Mereka saling bertukar lirikan mata. Hingga saat ini, mama belum tahu bahwa keduanya tidur bersama. Jangan sampai mama tahu!

🎤🎤🎤

"Apa tidak sebaiknya kita memberitahukan yang sebenarnya kepada mamamu?" ucap Wira, di tengah perjalanan mengantarnya ke klub malam.

"Tidak boleh! Mama tidak akan senang mendengarnya." sahut Tiara.

"Suka tidak suka, mamamu harus terima kalau kita tidur bersama. Lagipula, itu bukan kejahatan." balas Wira.
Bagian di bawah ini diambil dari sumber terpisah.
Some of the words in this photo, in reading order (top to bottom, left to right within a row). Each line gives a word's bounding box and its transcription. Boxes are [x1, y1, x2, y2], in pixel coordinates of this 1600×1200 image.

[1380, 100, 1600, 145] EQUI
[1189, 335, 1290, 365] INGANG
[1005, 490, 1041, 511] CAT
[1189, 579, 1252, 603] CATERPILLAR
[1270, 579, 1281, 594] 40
"Memang bukan! Itu dosa, Wira. Kita berzina." sahut Tiara.

Wira berdecak, "Dosa yang nikmat, tidak merugikan siapapun."

Tiara tertawa geli mendengarnya, "Dosa, ya, dosa. Tidak ada nikmat atau tidak nikmat."
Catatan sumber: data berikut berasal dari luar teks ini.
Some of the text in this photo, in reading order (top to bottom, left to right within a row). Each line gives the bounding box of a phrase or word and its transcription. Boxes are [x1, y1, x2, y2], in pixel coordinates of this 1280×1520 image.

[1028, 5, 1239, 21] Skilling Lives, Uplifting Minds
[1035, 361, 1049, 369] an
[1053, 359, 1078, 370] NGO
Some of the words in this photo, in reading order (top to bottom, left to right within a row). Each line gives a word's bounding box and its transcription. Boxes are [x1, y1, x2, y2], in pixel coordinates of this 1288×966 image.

"Apa kalian sealim itu?" balas Wira, terdengar heran.

"Tidak, aku sudah jadi pendosa gara-gara kau." sahut Tiara sembari melarikan jarinya ke atas dada lelaki itu.

Wira mengerang, "Sayang, aku lagi nyetir."
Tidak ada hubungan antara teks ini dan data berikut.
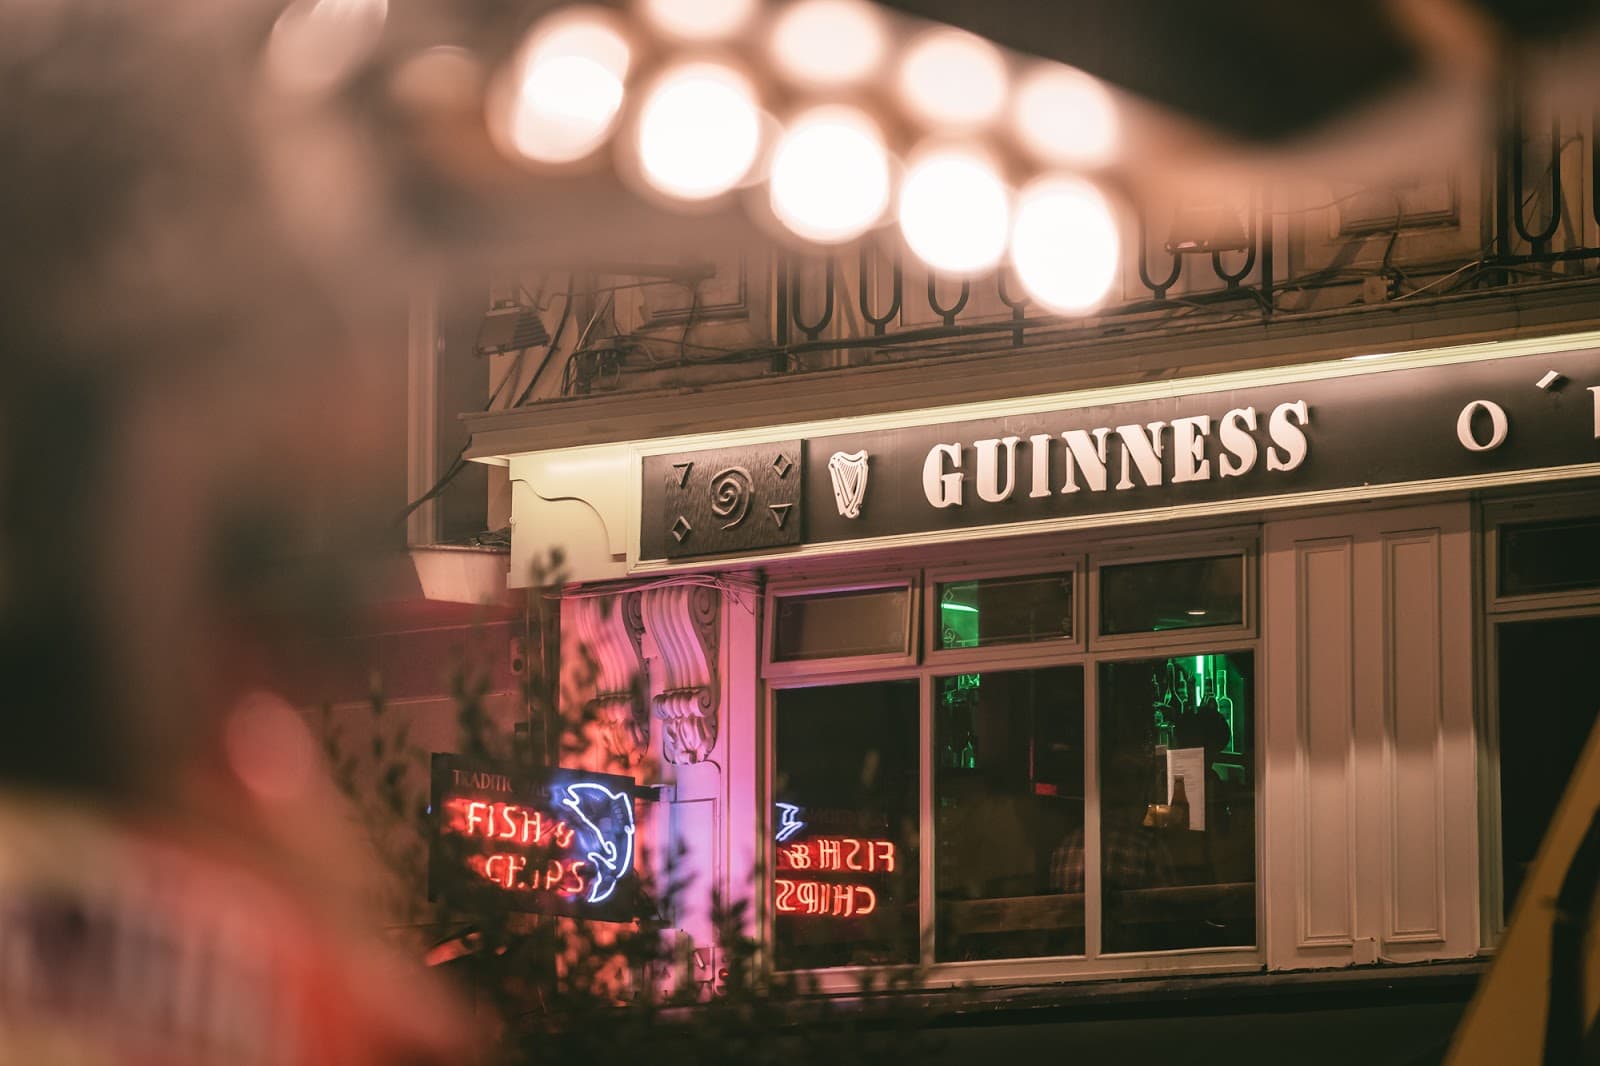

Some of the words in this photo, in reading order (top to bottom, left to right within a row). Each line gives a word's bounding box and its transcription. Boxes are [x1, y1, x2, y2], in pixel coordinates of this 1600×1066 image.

[922, 400, 1309, 508] GUINNESS
[467, 802, 541, 843] FISH
[486, 855, 585, 892] CHIPS
Tiara menarik kembali tangannya sembari tersenyum geli.

"Wajar kalau kita bercinta, kita kan sudah dewasa dan punya nafsu." ucap Wira, rupanya masih ingin membahasnya.

"Tapi manusia dewasa seharusnya bisa mengontrol hawa nafsunya, Wira." balas Tiara.

"Kau ini pendukungku, bukan, sih?" gerutu Wira karena terus disanggah.

Tiara kembali tertawa. "Kalau aku, aku sadar masih kecil. Makanya aku lost control terus kalau kamu ajak tidur."

Wira meliriknya sembari tersenyum geli. "Kau mau membela diri?"

Ya, Wira memang memberikan pengaruh yang buruk untuknya. Membuat Tiara terbiasa disentuh, bahkan mendambakan sentuhan lelaki itu di setiap waktu. Tapi ia tidak ingin menghilangkan pengaruh itu, ia menyukainya. Semoga Tuhan tidak membakarnya di neraka.

Tiara melirik sekilas pada pria yang sedang fokus menyetir mobil di sebelahnya. Seandainya saja Wira mau mengakhiri dosa ini dengan menikahinya. Tiara menghembuskan napas lelah, tidak ada gunanya mendambakan sesuatu yang mustahil.